I am still insanely in love with my ex and don't know how to handle her accusations


I'm very confused about myself. It's been I think 3 to four months since I broke up with my girlfriend and a lot has happened in these four months. We argued during the first and made up the same night. We didn't talk for about two months and then she accuses me of rape. (Keep in mind I am underage and she is a legal adult now) I'm not much younger than her 16 to be exact and I just have been rereading her terrible texts towards me. How could this woman who I loved so much just up and change completely? It tears my hear apart and I don't know what to feel. I have never done anything to hurt her. I cherished her and for some reason I still do. It terrifies me that she has done this.
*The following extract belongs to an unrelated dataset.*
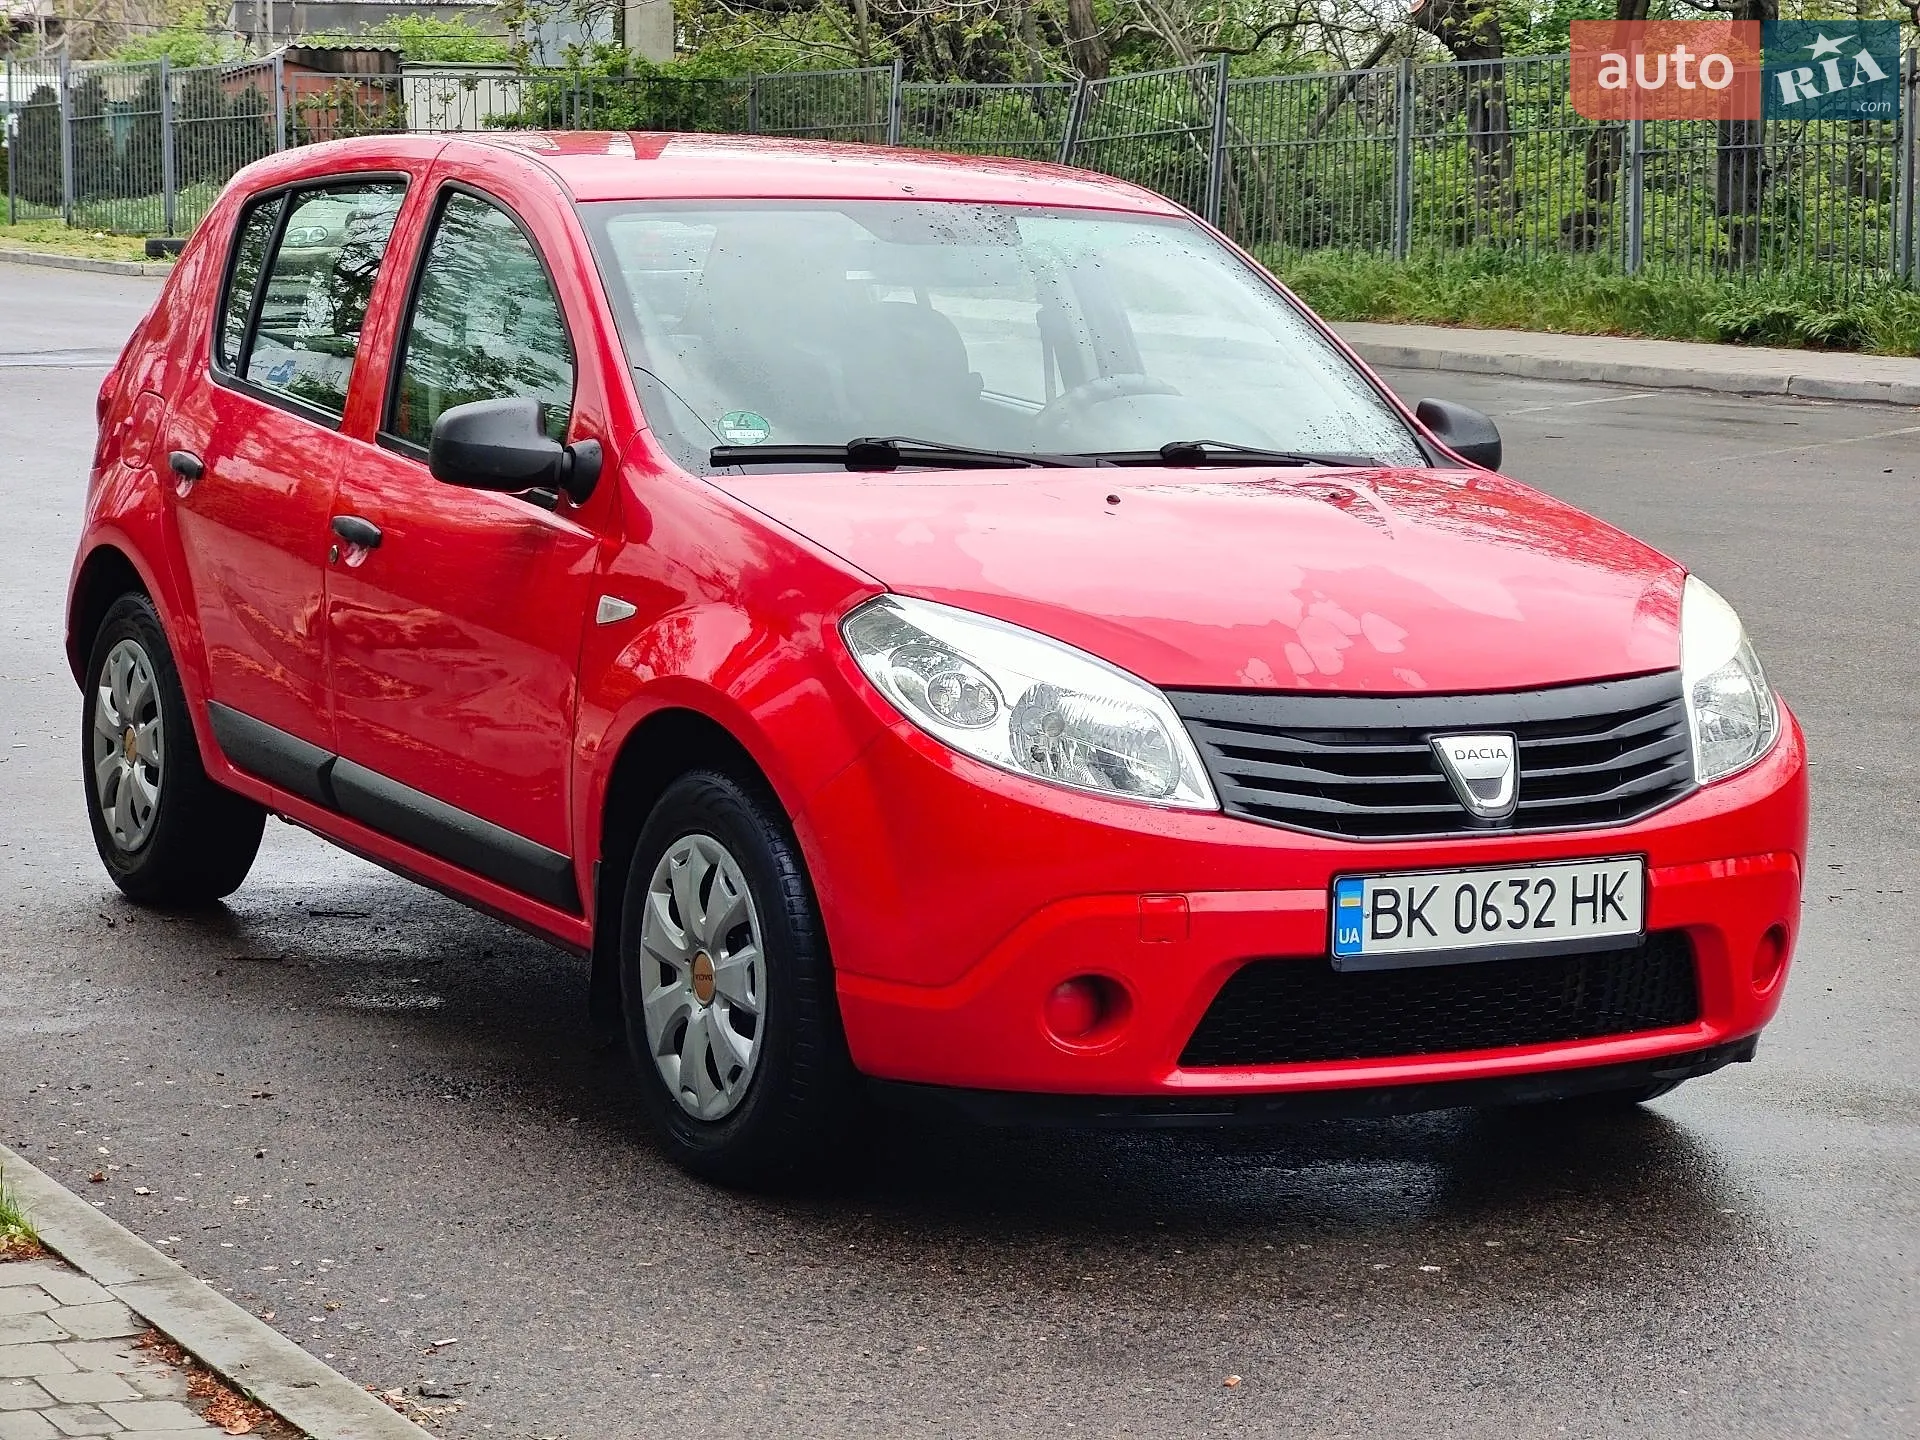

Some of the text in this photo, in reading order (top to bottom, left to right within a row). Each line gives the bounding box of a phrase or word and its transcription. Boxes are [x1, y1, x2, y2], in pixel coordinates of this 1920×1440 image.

[736, 413, 751, 428] 4
[1454, 748, 1508, 760] DACIA
[1371, 870, 1630, 940] BK 0632 HK
[1339, 927, 1360, 944] UA
I don't know what to do I'm upset and sad and my feelings are everywhere and she posts about it on Twitter and slanders me for no reason!!! It hurts me so much because for some reason I still love her. In these past months I haven't been able to ask any girls out or even think of dating anyone but her. I've tried my best and I just can't bring myself to get to know anyone else because I'm so stuck in the past. I have reason to suspect she is accusing me of rape because she found out I was talking to another girl. But his girl I have been talking to I would never date. She is practically my best friend! We hang out and play video games and draw together and all that and we post about it online and stuff, and knowing my ex and her extreme jealousy I can only assume that it's because she is jealous. Why she would do such a drastic thing? I do not know. But it cuts holes in me knowing she is doing this. I don't know if I should confront her about this and ask why she is doing this it just not do anything at all. I do not want authorities involved I can't deal with that in my life right now and I certainly don't want her getting kicked out of college and possible jail time because I still love her so much and wouldn't want to ruin her dreams. Any help would be appreciated.